The reaction from my co-workers was not as good as I expected.  They all liked it but I could tell they were not in LOVE with it.  That said I still think it was a very decent cake.  My fiancé inhaled the piece I brought home for him.  I think my audience was just not quite right for this cake.  In the past when cheesecake was made it never really has gone over with grand cheers.  I will make this cake again.   How could I not when it's so quick and easy and the results is delicious to look at and eat!  



Philadelphia 3-Step Cookie Dough Cheesecake

Ingredients:
- 2 pkg. (8 oz. each) Philadelphia Cream Cheese, softened
- 1/2 cup sugar
- 1/2 tsp. vanilla
- 2 eggs
- 3/4 cup prepared or refrigerated chocolate chip cookie dough, divided
- 1 Honey Maid Graham Pie Crust (6 oz.) <- (or make your own; so easy and so much better!)
Directions:
PREHEAT oven to 350 degrees F.  Beat cream cheese, sugar and vanilla in large bowl with electric mixer on medium speed until well blended.  Add eggs; mix just until blended.  Remove 1/2 cup of the dough; drop by teaspoonfuls into batter.  Stir gently.

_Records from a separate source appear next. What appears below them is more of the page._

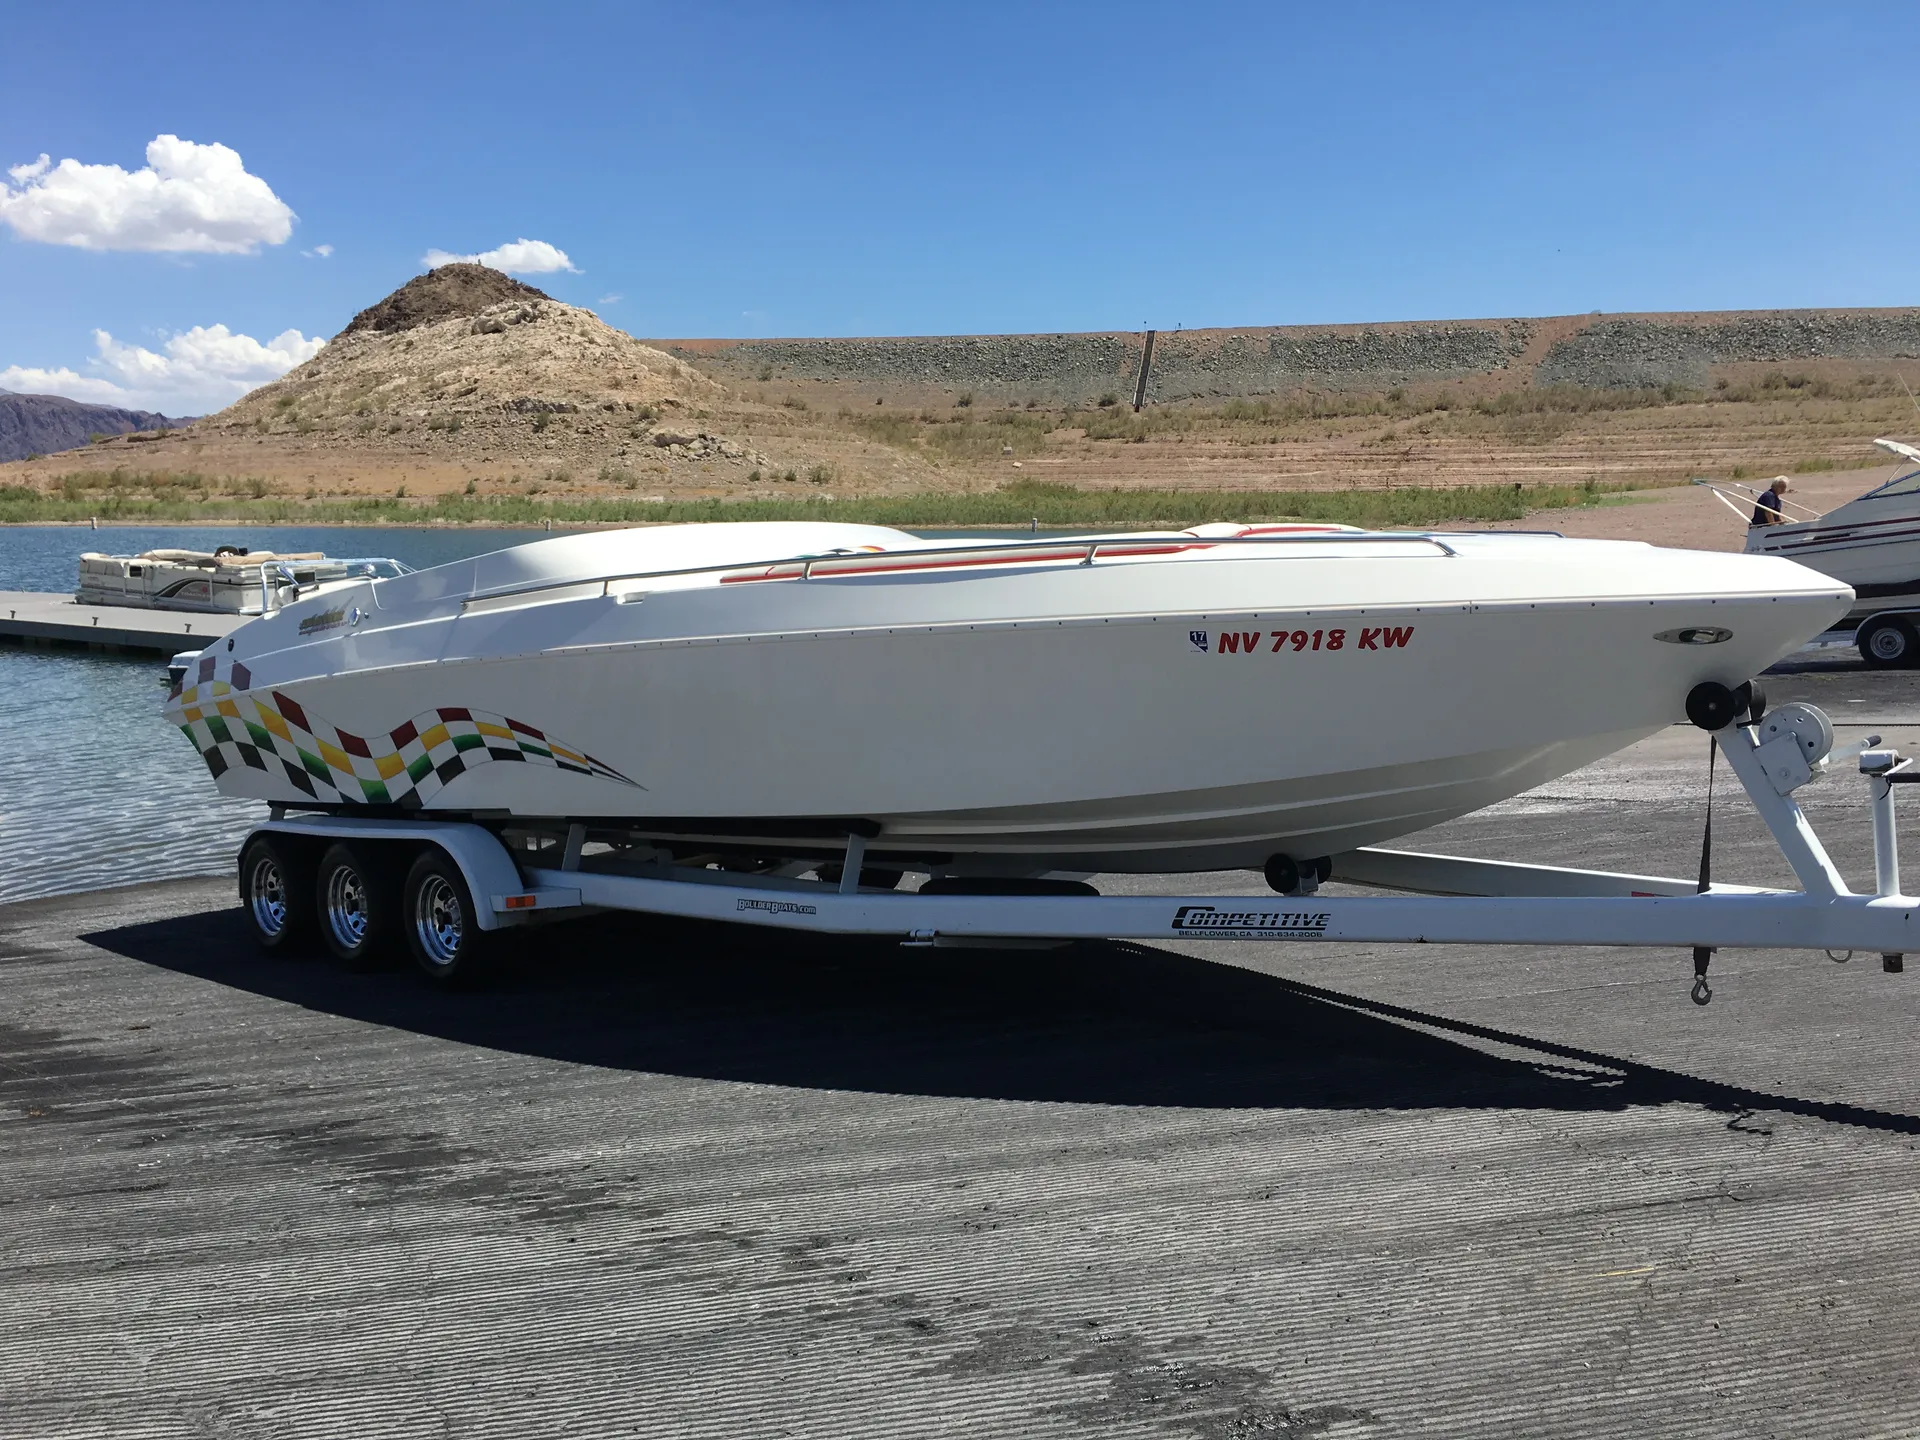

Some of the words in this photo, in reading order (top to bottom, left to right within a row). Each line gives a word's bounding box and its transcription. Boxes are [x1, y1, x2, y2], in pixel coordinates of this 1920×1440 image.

[1191, 631, 1205, 641] 17
[1218, 632, 1261, 654] NV
[1270, 629, 1346, 652] 7918
[1357, 626, 1415, 651] KW
[1171, 906, 1331, 930] COMPETITIVE

POUR into crust.  Top with level teaspoonfuls of the remaining 1/4 cup cookie dough.
BAKE 40 minutes or until center is almost set.  Cool.  Refrigerate 3 hours or over night.  Garnish as desired.  Store leftover cheesecake in refrigerator.
Makes 12 servings.
Cookbook and Recipe Cards. Lincolnwood, IL: Publications International, 2009. Print.